Post without Account — your post will be reviewed, and if appropriate, posted under Anonymous. You can also use this link to report any problems registering.

[RT 122962] Reusing PDF::API2 objects for different PDFs

  • 0 Replies
  • 555 Views
*

Offline Phil

  • Global Moderator
  • Sr. Member
  • *****
  • 364
    • View Profile
[RT 122962] Reusing PDF::API2 objects for different PDFs
« December 25, 2017, 03:05:16 PM »
 PhilterPaper commented on Sep 8

Subject: Reusing PDF::API2 objects for different PDFs

Date: Tue, 5 Sep 2017 12:55:47 +0100
From: Andrew Beverley <andy [...] andybev.com>

Firstly, thanks for a great module. I am using it to generate a PDF with many pages. Producing the whole PDF as one object in one go uses huge amounts of memory, so I now produce each page one-by-one and then concatenate them afterwards using CAM::PDF.

This works well, in that significantly less memory is used, but it is slow, as I am creating a new PDF::API2 object each time.

From the small amount of profiling I have done, a lot of time seems to be spent adding the TTF fonts. I wondered, is there some way to reuse the PDF::API2 object (or just the fonts) and create a fresh page each time?

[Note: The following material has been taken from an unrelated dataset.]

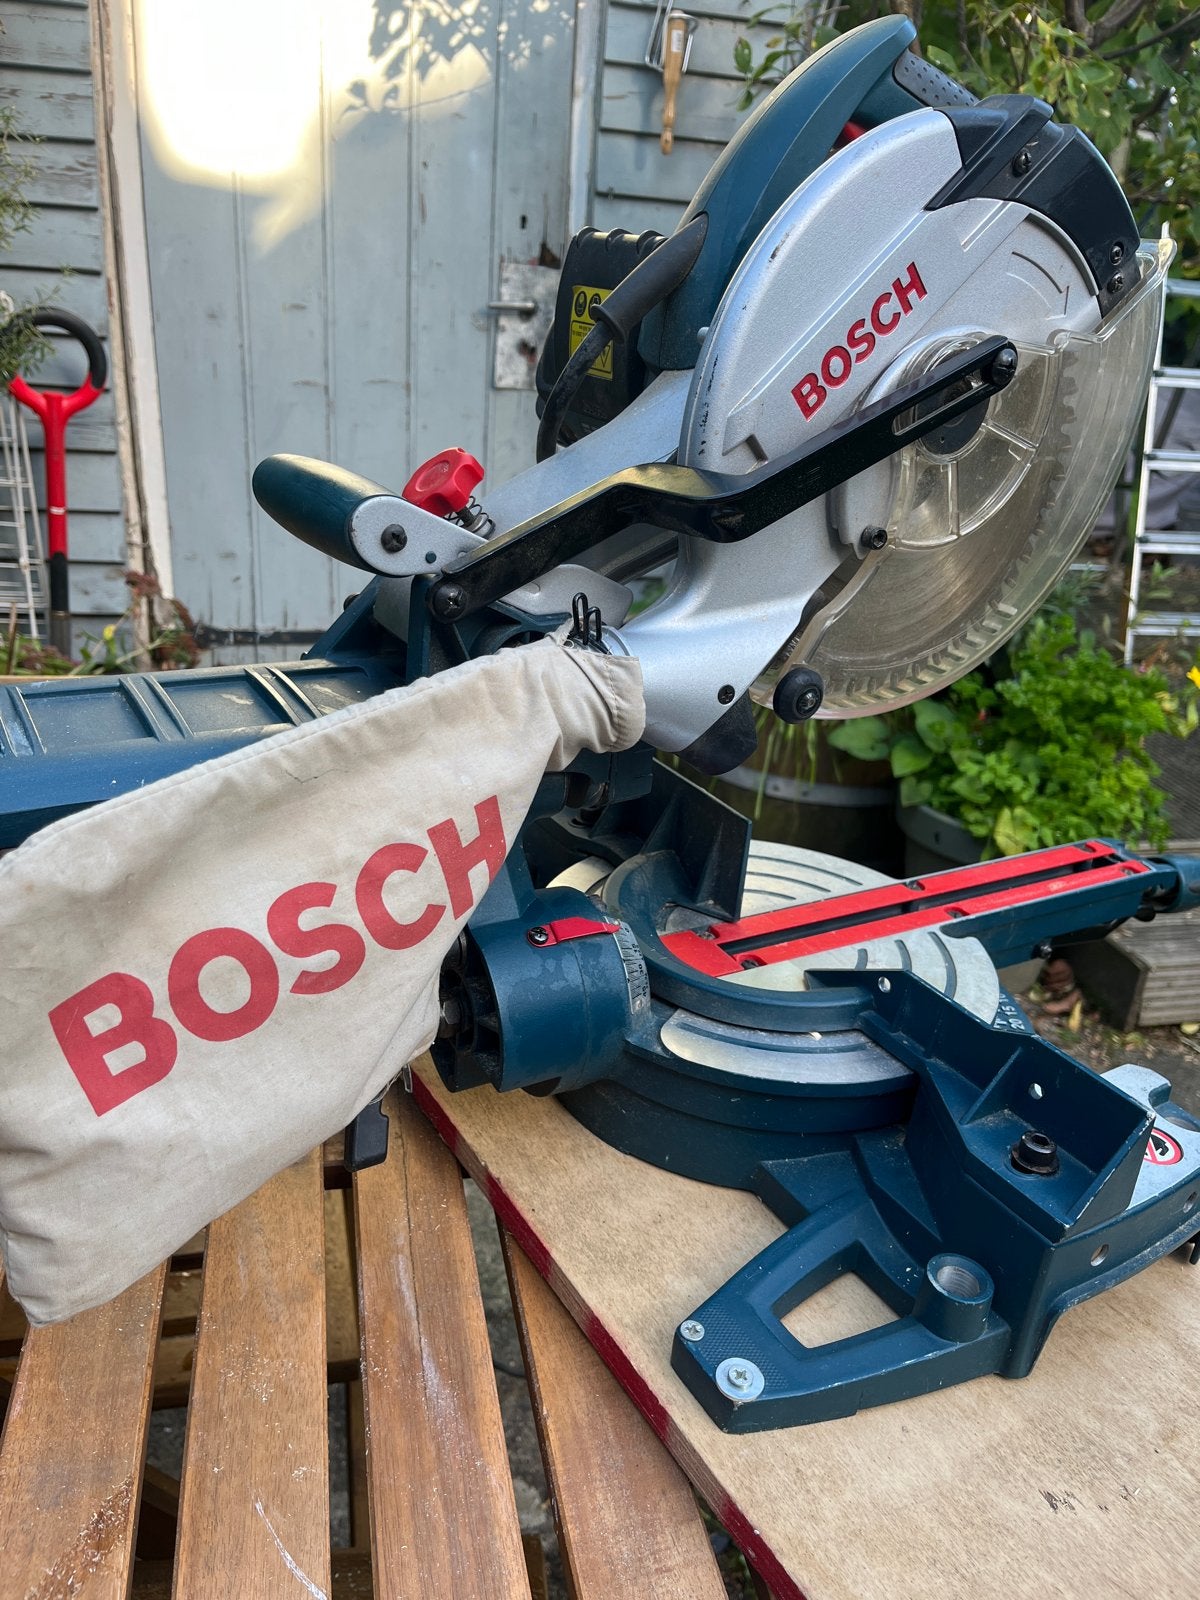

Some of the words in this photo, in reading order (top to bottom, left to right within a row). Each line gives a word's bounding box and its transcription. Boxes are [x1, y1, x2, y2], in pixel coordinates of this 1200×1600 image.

I have tried various hacks (I won't detail them all here), such as reusing the ttfont object in multiple PDFs, deleting the pages from the object, and so on, but I couldn't get any to work.

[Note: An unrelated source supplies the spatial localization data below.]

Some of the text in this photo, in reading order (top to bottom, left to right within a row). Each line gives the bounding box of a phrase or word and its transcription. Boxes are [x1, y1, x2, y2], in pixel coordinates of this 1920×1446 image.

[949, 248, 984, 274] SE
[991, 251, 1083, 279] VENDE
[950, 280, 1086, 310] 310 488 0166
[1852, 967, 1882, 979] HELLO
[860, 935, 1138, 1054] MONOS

Do you have any suggestions please? If you do, and it involves some coding, I would be happy to investigate providing a patch.

Thanks,
Andy

 PhilterPaper commented on Sep 8

on Tue Sep 05 20:01:42 2017 steve [...] deefs.net - Correspondence added

There are probably some ways to speed up that operation, but depending on what kind of coding you're up for trying, it might be possible to solve your original problem instead.

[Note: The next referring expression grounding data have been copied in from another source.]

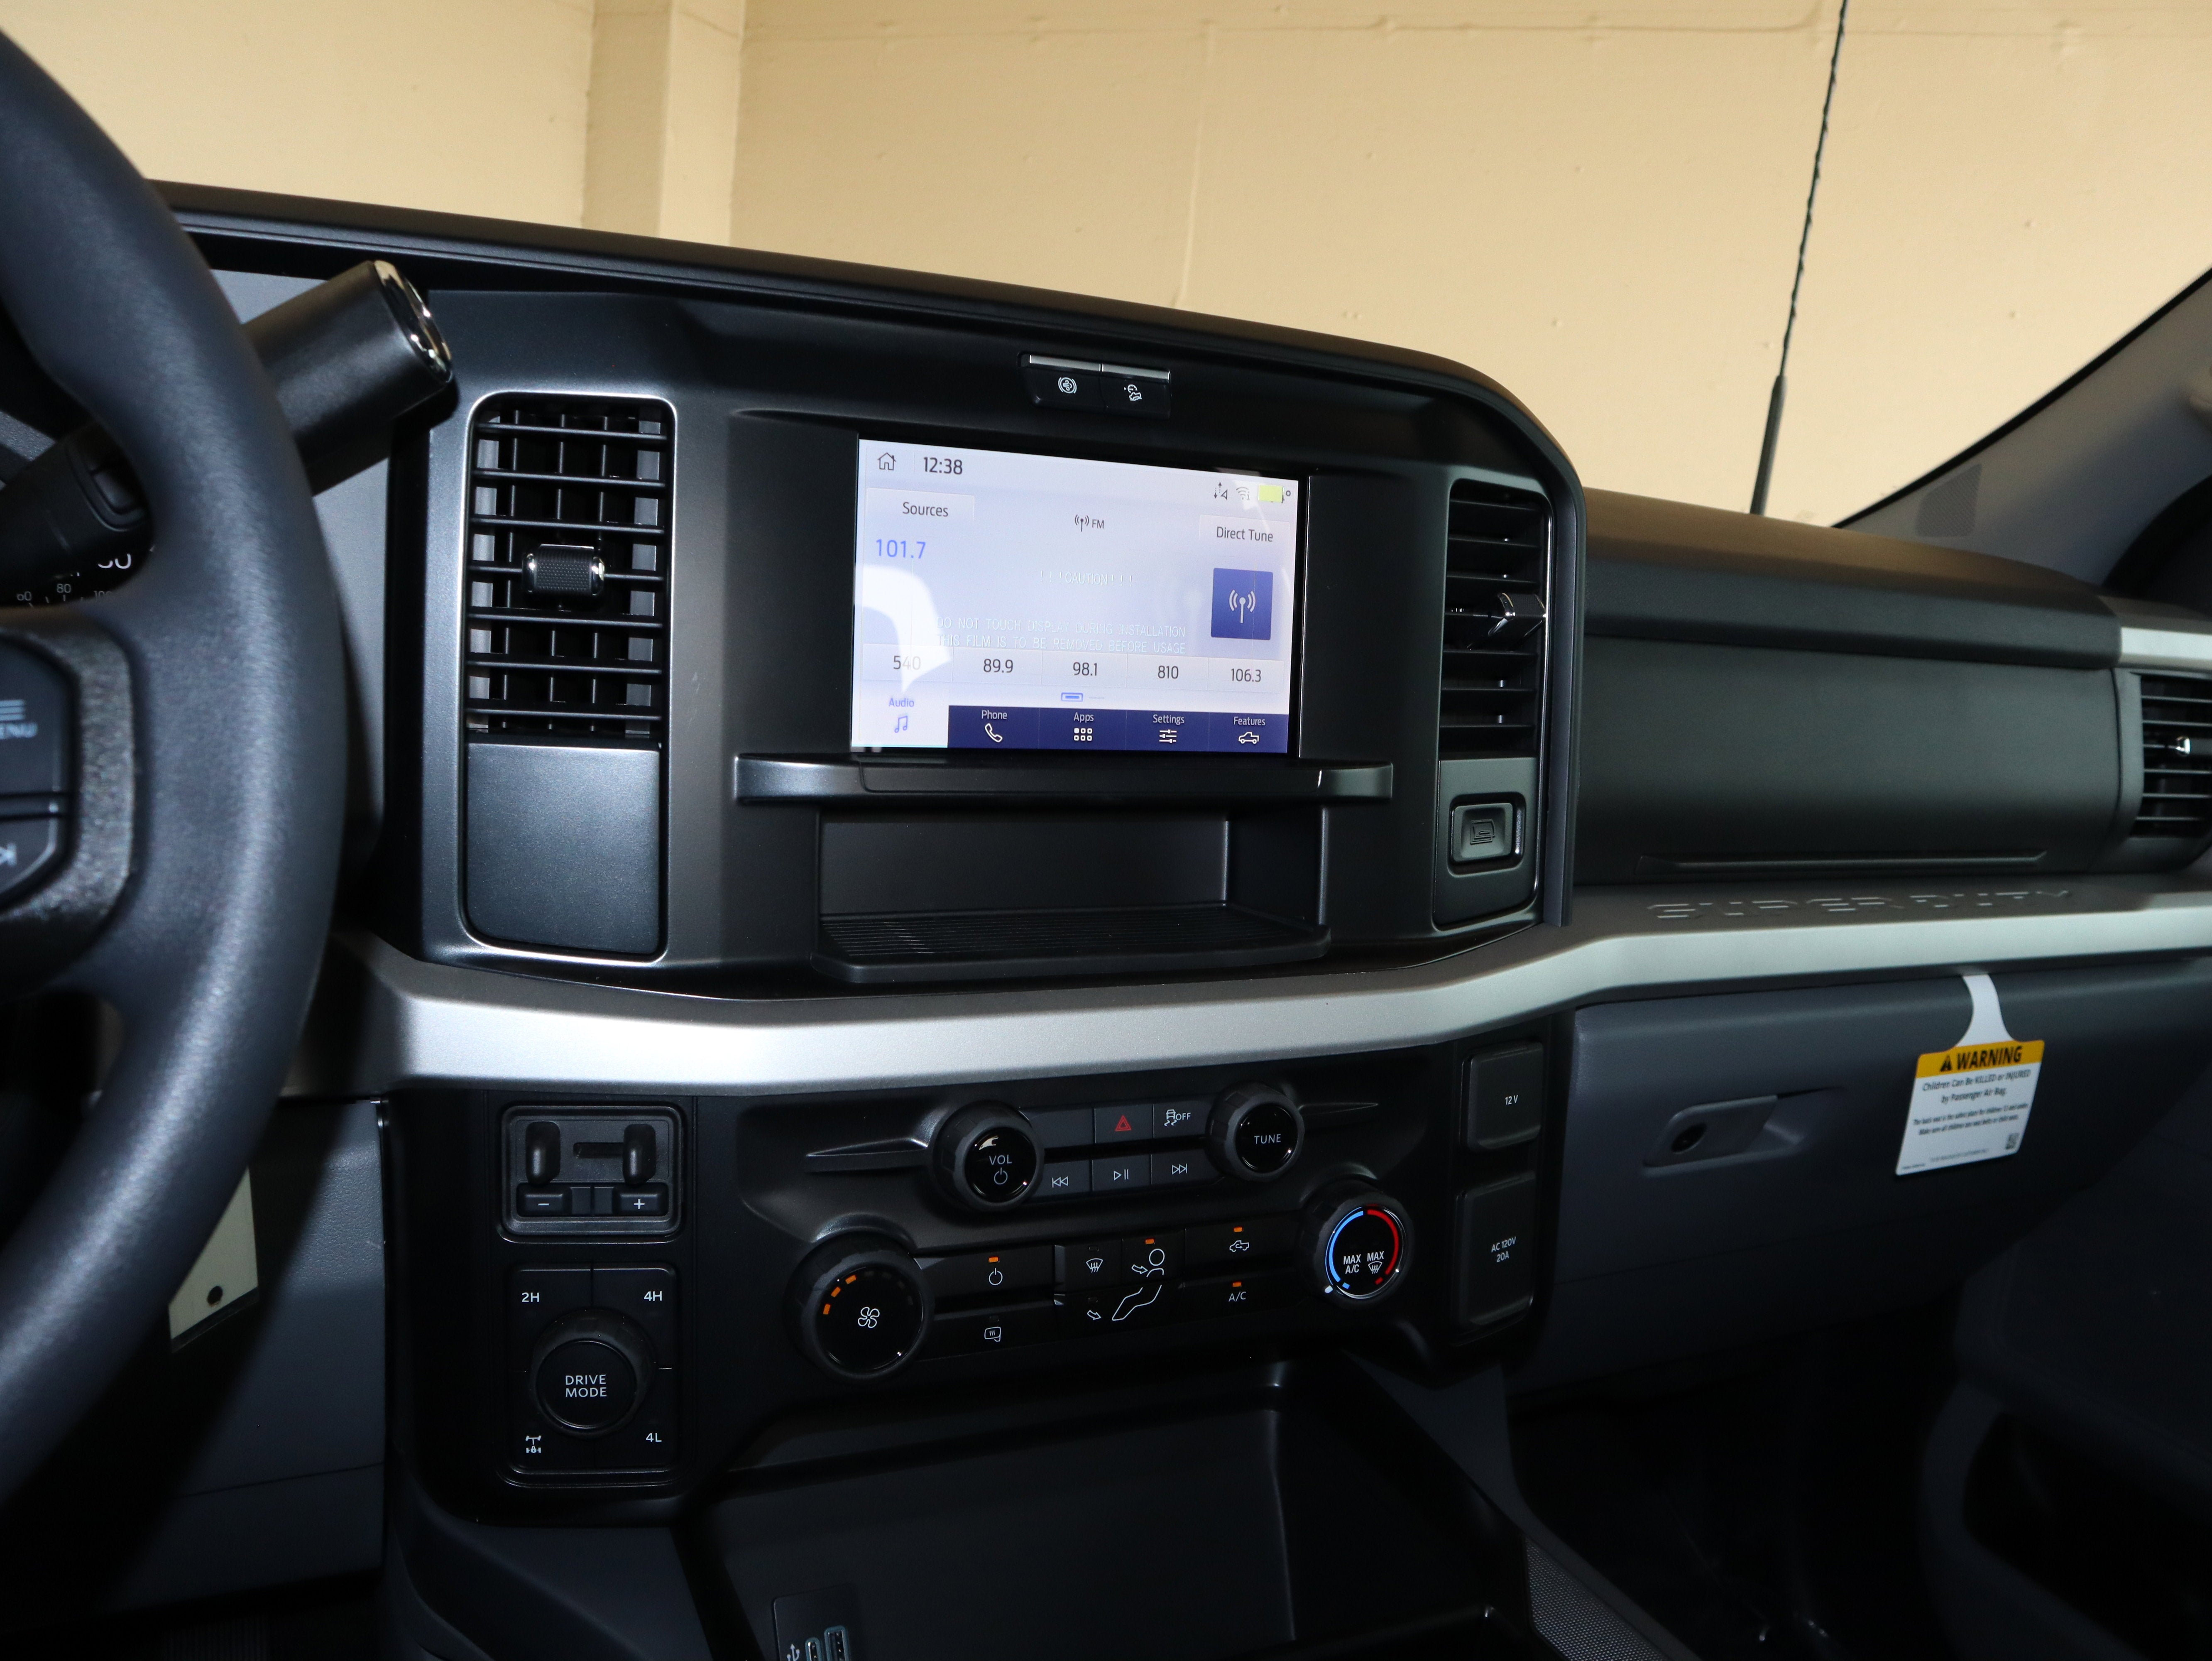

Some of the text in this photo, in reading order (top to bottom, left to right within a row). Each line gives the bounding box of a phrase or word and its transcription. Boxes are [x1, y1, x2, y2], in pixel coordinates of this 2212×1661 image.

[923, 456, 963, 475] 12:38
[902, 501, 949, 517] Sources
[1092, 519, 1104, 529] FM
[1216, 526, 1273, 542] Direct Tune
[876, 538, 926, 559] 101.7
[56, 583, 71, 593] 80
[937, 616, 952, 630] DO
[958, 617, 979, 630] NOT
[986, 618, 1021, 632] TOUCH
[1075, 622, 1113, 635] DURING
[1118, 624, 1186, 637] INSTALLATION
[938, 634, 1186, 654] THIS FILM IS TO BE REMOVED BEFORE USAGE
[893, 655, 921, 671] 540
[983, 659, 1013, 674] 89.9
[1072, 662, 1098, 676] 98.1
[1157, 665, 1179, 679] 810
[1231, 668, 1262, 682] 106.3
[888, 698, 915, 708] Audio
[981, 710, 1008, 720] Phone
[1073, 712, 1094, 723] Apps
[1152, 714, 1185, 725] Settings
[1233, 716, 1266, 727] Features
[1957, 1046, 2023, 1071] WARNING
[1922, 1068, 2031, 1091] Children Can Be KILLED or INJURED
[1505, 1095, 1519, 1106] 12 V
[1941, 1094, 1950, 1105] by
[1951, 1089, 1982, 1102] Passenger
[1984, 1087, 1993, 1096] Air
[1175, 1111, 1192, 1122] OFF
[1253, 1133, 1282, 1144] TUNE
[989, 1154, 1013, 1165] VOL
[1490, 1236, 1517, 1253] AC 120V
[1343, 1254, 1361, 1265] MAX
[1366, 1250, 1385, 1262] MAX
[1496, 1252, 1510, 1263] 20A
[1345, 1264, 1360, 1275] A/C
[521, 1292, 540, 1303] 2H
[644, 1290, 663, 1302] 4H
[1228, 1291, 1246, 1302] A/C
[565, 1374, 607, 1385] DRIVE
[565, 1387, 607, 1398] MODE
[646, 1432, 662, 1443] 4L

Take a look at my comments on ticket 113516. Currently, when PDF::API2 opens a file, it reads the whole thing into memory, but that wasn't always the case, and the code that PDF::API2 is built on top of doesn't require that everything be loaded in memory either.

It's theoretically possible for you to create a number of pages, write those out to disk, free up the memory, and repeat, without closing and reopening the file. If you want to start down that trail, look at PDF::API2->finishobjects() and follow the path for details about writing out a file in chunks.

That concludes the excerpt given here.